--- START ---

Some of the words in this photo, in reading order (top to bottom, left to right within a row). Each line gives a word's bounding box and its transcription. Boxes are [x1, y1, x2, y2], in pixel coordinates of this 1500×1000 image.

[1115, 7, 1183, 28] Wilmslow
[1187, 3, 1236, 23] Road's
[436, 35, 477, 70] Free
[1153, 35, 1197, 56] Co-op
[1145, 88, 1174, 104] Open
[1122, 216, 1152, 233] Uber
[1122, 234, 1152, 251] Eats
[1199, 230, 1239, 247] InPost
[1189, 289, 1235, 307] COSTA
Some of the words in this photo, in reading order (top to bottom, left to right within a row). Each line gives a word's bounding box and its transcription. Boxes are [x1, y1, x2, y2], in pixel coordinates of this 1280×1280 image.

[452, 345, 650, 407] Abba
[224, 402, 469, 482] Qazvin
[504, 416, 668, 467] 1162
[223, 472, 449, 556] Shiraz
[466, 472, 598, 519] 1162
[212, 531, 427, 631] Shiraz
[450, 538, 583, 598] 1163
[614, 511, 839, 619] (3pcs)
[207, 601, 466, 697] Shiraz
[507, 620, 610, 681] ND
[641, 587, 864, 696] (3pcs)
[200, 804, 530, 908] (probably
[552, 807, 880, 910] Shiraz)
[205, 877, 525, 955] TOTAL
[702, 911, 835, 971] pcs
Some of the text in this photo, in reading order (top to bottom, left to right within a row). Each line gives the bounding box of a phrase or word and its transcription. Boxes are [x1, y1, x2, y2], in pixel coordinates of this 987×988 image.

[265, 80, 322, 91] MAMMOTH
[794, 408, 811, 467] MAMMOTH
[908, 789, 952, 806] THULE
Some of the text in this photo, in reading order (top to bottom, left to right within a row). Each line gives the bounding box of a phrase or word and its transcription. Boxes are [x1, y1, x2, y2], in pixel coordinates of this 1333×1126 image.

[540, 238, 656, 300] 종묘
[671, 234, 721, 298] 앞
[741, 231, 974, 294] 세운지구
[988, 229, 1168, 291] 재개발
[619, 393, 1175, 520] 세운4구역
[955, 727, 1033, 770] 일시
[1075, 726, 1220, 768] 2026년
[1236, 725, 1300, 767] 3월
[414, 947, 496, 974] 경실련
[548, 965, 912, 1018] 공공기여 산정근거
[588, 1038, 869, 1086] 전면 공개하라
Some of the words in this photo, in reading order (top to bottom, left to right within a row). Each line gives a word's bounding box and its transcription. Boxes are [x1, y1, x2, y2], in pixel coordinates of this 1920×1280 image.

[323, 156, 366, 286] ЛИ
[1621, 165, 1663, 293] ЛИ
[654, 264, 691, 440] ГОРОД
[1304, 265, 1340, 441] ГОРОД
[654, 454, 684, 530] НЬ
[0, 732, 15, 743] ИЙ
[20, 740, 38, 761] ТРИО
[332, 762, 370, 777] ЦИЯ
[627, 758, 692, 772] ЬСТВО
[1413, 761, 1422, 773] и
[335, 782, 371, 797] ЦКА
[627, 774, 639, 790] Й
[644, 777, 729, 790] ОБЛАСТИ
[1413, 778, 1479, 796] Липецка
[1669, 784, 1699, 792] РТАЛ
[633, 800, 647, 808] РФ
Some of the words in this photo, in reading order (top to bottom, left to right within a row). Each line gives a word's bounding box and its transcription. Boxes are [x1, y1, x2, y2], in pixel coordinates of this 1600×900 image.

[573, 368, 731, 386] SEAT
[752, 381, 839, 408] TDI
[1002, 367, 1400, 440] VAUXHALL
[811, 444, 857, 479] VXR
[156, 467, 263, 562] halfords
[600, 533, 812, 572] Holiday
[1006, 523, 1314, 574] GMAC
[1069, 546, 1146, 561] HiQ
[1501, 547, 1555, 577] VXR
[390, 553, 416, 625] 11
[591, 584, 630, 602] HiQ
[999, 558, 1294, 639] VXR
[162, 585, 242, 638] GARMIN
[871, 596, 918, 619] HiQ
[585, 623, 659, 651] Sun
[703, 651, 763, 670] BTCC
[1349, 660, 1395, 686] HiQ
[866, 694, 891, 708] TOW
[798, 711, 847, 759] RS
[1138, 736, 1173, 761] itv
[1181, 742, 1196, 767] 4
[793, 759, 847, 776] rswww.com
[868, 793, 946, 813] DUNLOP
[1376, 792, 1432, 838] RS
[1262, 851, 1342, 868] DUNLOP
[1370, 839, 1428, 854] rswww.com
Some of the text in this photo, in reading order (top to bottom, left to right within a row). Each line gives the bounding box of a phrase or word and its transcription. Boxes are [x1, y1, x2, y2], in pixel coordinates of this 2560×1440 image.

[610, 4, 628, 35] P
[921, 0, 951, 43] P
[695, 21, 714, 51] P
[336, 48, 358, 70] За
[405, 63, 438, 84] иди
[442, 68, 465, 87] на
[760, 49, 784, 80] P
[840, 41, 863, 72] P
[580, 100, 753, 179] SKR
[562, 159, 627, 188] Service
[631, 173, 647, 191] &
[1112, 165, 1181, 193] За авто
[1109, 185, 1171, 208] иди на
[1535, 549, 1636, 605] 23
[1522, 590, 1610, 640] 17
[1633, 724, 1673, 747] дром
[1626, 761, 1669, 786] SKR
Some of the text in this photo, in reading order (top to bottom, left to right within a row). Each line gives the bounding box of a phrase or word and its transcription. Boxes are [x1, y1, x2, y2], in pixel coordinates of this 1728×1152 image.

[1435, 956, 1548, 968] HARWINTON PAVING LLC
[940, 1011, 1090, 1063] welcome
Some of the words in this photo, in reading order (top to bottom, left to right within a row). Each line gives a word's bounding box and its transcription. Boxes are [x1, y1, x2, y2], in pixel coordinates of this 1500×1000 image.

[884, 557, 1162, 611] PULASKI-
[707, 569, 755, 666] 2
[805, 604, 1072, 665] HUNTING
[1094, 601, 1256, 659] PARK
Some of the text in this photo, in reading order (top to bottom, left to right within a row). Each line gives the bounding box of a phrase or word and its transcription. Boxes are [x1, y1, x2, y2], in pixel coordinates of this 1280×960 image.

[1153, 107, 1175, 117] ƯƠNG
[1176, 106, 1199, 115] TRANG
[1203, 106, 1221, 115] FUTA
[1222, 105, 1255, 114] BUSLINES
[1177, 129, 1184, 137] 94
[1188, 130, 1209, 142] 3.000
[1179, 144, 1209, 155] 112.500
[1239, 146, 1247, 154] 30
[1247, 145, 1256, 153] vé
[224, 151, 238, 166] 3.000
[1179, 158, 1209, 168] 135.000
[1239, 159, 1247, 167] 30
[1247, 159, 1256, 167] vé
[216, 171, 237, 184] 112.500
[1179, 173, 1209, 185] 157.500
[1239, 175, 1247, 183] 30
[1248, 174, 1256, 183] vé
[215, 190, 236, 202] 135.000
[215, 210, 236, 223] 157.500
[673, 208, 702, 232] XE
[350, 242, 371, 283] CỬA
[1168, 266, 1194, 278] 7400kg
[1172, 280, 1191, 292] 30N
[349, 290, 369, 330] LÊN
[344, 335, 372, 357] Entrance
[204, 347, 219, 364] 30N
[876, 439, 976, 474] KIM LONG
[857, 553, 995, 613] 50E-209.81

--- END ---

Line by line, write out the whole listing exactly.

Exercise output -
Some of the words in this photo, in reading order (top to bottom, left to right within a row). Each line gives a word's bounding box and its transcription. Boxes are [x1, y1, x2, y2], in pixel coordinates of this 1500×1000 image.

[1115, 7, 1183, 28] Wilmslow
[1187, 3, 1236, 23] Road's
[436, 35, 477, 70] Free
[1153, 35, 1197, 56] Co-op
[1145, 88, 1174, 104] Open
[1122, 216, 1152, 233] Uber
[1122, 234, 1152, 251] Eats
[1199, 230, 1239, 247] InPost
[1189, 289, 1235, 307] COSTA
Some of the words in this photo, in reading order (top to bottom, left to right within a row). Each line gives a word's bounding box and its transcription. Boxes are [x1, y1, x2, y2], in pixel coordinates of this 1280×1280 image.

[452, 345, 650, 407] Abba
[224, 402, 469, 482] Qazvin
[504, 416, 668, 467] 1162
[223, 472, 449, 556] Shiraz
[466, 472, 598, 519] 1162
[212, 531, 427, 631] Shiraz
[450, 538, 583, 598] 1163
[614, 511, 839, 619] (3pcs)
[207, 601, 466, 697] Shiraz
[507, 620, 610, 681] ND
[641, 587, 864, 696] (3pcs)
[200, 804, 530, 908] (probably
[552, 807, 880, 910] Shiraz)
[205, 877, 525, 955] TOTAL
[702, 911, 835, 971] pcs
Some of the text in this photo, in reading order (top to bottom, left to right within a row). Each line gives the bounding box of a phrase or word and its transcription. Boxes are [x1, y1, x2, y2], in pixel coordinates of this 987×988 image.

[265, 80, 322, 91] MAMMOTH
[794, 408, 811, 467] MAMMOTH
[908, 789, 952, 806] THULE
Some of the text in this photo, in reading order (top to bottom, left to right within a row). Each line gives the bounding box of a phrase or word and its transcription. Boxes are [x1, y1, x2, y2], in pixel coordinates of this 1333×1126 image.

[540, 238, 656, 300] 종묘
[671, 234, 721, 298] 앞
[741, 231, 974, 294] 세운지구
[988, 229, 1168, 291] 재개발
[619, 393, 1175, 520] 세운4구역
[955, 727, 1033, 770] 일시
[1075, 726, 1220, 768] 2026년
[1236, 725, 1300, 767] 3월
[414, 947, 496, 974] 경실련
[548, 965, 912, 1018] 공공기여 산정근거
[588, 1038, 869, 1086] 전면 공개하라
Some of the words in this photo, in reading order (top to bottom, left to right within a row). Each line gives a word's bounding box and its transcription. Boxes are [x1, y1, x2, y2], in pixel coordinates of this 1920×1280 image.

[323, 156, 366, 286] ЛИ
[1621, 165, 1663, 293] ЛИ
[654, 264, 691, 440] ГОРОД
[1304, 265, 1340, 441] ГОРОД
[654, 454, 684, 530] НЬ
[0, 732, 15, 743] ИЙ
[20, 740, 38, 761] ТРИО
[332, 762, 370, 777] ЦИЯ
[627, 758, 692, 772] ЬСТВО
[1413, 761, 1422, 773] и
[335, 782, 371, 797] ЦКА
[627, 774, 639, 790] Й
[644, 777, 729, 790] ОБЛАСТИ
[1413, 778, 1479, 796] Липецка
[1669, 784, 1699, 792] РТАЛ
[633, 800, 647, 808] РФ
Some of the words in this photo, in reading order (top to bottom, left to right within a row). Each line gives a word's bounding box and its transcription. Boxes are [x1, y1, x2, y2], in pixel coordinates of this 1600×900 image.

[573, 368, 731, 386] SEAT
[752, 381, 839, 408] TDI
[1002, 367, 1400, 440] VAUXHALL
[811, 444, 857, 479] VXR
[156, 467, 263, 562] halfords
[600, 533, 812, 572] Holiday
[1006, 523, 1314, 574] GMAC
[1069, 546, 1146, 561] HiQ
[1501, 547, 1555, 577] VXR
[390, 553, 416, 625] 11
[591, 584, 630, 602] HiQ
[999, 558, 1294, 639] VXR
[162, 585, 242, 638] GARMIN
[871, 596, 918, 619] HiQ
[585, 623, 659, 651] Sun
[703, 651, 763, 670] BTCC
[1349, 660, 1395, 686] HiQ
[866, 694, 891, 708] TOW
[798, 711, 847, 759] RS
[1138, 736, 1173, 761] itv
[1181, 742, 1196, 767] 4
[793, 759, 847, 776] rswww.com
[868, 793, 946, 813] DUNLOP
[1376, 792, 1432, 838] RS
[1262, 851, 1342, 868] DUNLOP
[1370, 839, 1428, 854] rswww.com
Some of the text in this photo, in reading order (top to bottom, left to right within a row). Each line gives the bounding box of a phrase or word and its transcription. Boxes are [x1, y1, x2, y2], in pixel coordinates of this 2560×1440 image.

[610, 4, 628, 35] P
[921, 0, 951, 43] P
[695, 21, 714, 51] P
[336, 48, 358, 70] За
[405, 63, 438, 84] иди
[442, 68, 465, 87] на
[760, 49, 784, 80] P
[840, 41, 863, 72] P
[580, 100, 753, 179] SKR
[562, 159, 627, 188] Service
[631, 173, 647, 191] &
[1112, 165, 1181, 193] За авто
[1109, 185, 1171, 208] иди на
[1535, 549, 1636, 605] 23
[1522, 590, 1610, 640] 17
[1633, 724, 1673, 747] дром
[1626, 761, 1669, 786] SKR
Some of the text in this photo, in reading order (top to bottom, left to right within a row). Each line gives the bounding box of a phrase or word and its transcription. Boxes are [x1, y1, x2, y2], in pixel coordinates of this 1728×1152 image.

[1435, 956, 1548, 968] HARWINTON PAVING LLC
[940, 1011, 1090, 1063] welcome
Some of the words in this photo, in reading order (top to bottom, left to right within a row). Each line gives a word's bounding box and its transcription. Boxes are [x1, y1, x2, y2], in pixel coordinates of this 1500×1000 image.

[884, 557, 1162, 611] PULASKI-
[707, 569, 755, 666] 2
[805, 604, 1072, 665] HUNTING
[1094, 601, 1256, 659] PARK
Some of the text in this photo, in reading order (top to bottom, left to right within a row). Each line gives the bounding box of a phrase or word and its transcription. Boxes are [x1, y1, x2, y2], in pixel coordinates of this 1280×960 image.

[1153, 107, 1175, 117] ƯƠNG
[1176, 106, 1199, 115] TRANG
[1203, 106, 1221, 115] FUTA
[1222, 105, 1255, 114] BUSLINES
[1177, 129, 1184, 137] 94
[1188, 130, 1209, 142] 3.000
[1179, 144, 1209, 155] 112.500
[1239, 146, 1247, 154] 30
[1247, 145, 1256, 153] vé
[224, 151, 238, 166] 3.000
[1179, 158, 1209, 168] 135.000
[1239, 159, 1247, 167] 30
[1247, 159, 1256, 167] vé
[216, 171, 237, 184] 112.500
[1179, 173, 1209, 185] 157.500
[1239, 175, 1247, 183] 30
[1248, 174, 1256, 183] vé
[215, 190, 236, 202] 135.000
[215, 210, 236, 223] 157.500
[673, 208, 702, 232] XE
[350, 242, 371, 283] CỬA
[1168, 266, 1194, 278] 7400kg
[1172, 280, 1191, 292] 30N
[349, 290, 369, 330] LÊN
[344, 335, 372, 357] Entrance
[204, 347, 219, 364] 30N
[876, 439, 976, 474] KIM LONG
[857, 553, 995, 613] 50E-209.81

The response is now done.